Traditionalists should stop questioning unnecessarily the intention of alleged "Masonic bishops" and start questioning the intention of everything Vatican II. Those intentions are defective, invalidating, and downright evil.  


  1. So if someone leaves the novus ordo, they should make a general confession to a valid priest?

  2. I hold the sedevavantist position but I think the sspx are valid priests and bishops.the reason being is sedevavantism isn't a dogma.

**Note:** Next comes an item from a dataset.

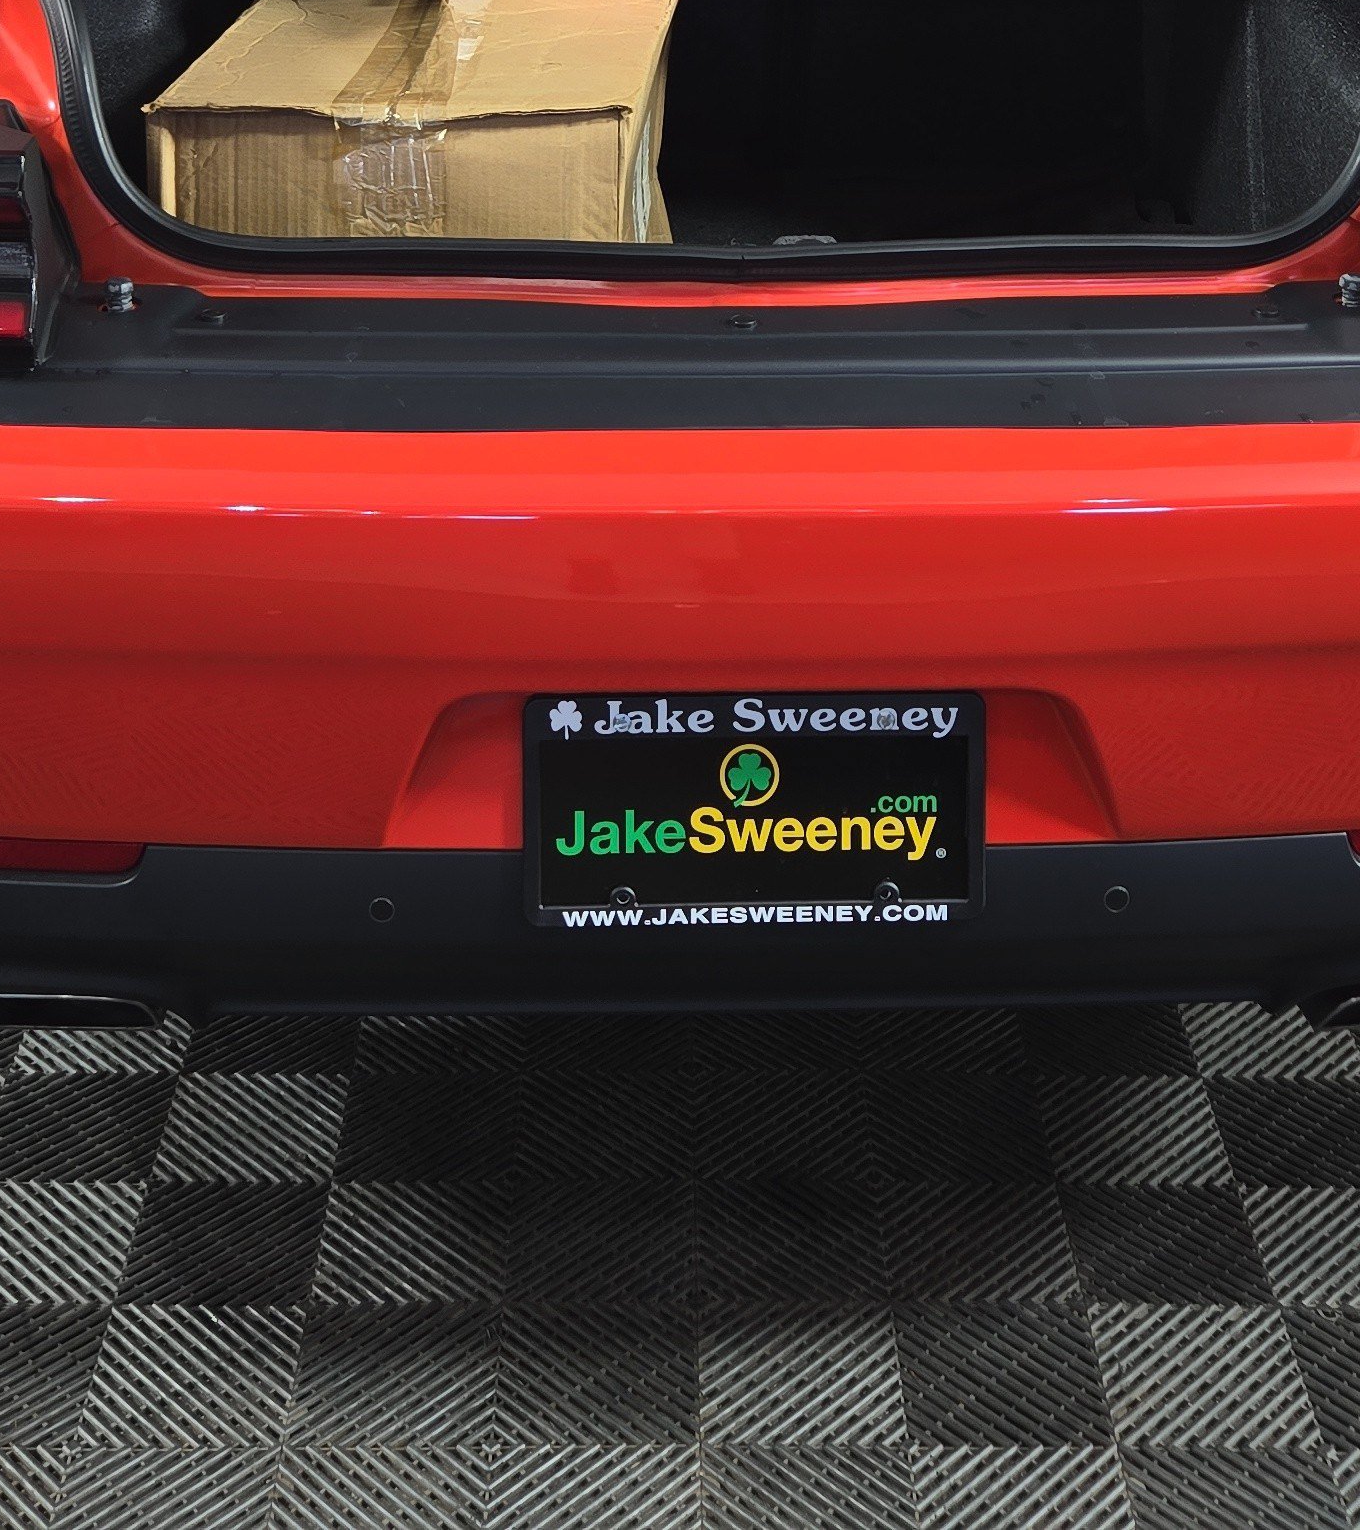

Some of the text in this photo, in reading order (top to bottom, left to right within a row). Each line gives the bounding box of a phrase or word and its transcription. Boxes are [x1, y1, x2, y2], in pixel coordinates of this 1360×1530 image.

[594, 698, 959, 738] Jake Sweeney
[562, 904, 948, 928] WWW.JAKESWEENEY.COM

    1. You are correct; the SSPX is valid. Beware that Bp Fellay has begun a policy whereby V2 sect "priests" who enter the SSPX are not required to received conditional ordination in the Traditional Rite. These priests are NOT valid! As long as they were traditionally ordained, you need not worry about validity.

  3. Recently I read Bishop Tissier spoke out against allowing invalid novus ordo clergy into their society.Thankfully we are blessed with an independent catholic church with a valid bishop. (30 minutes from home) I feel sorry for SSPX parishioners because they are going through what catholics endured in the late 60's.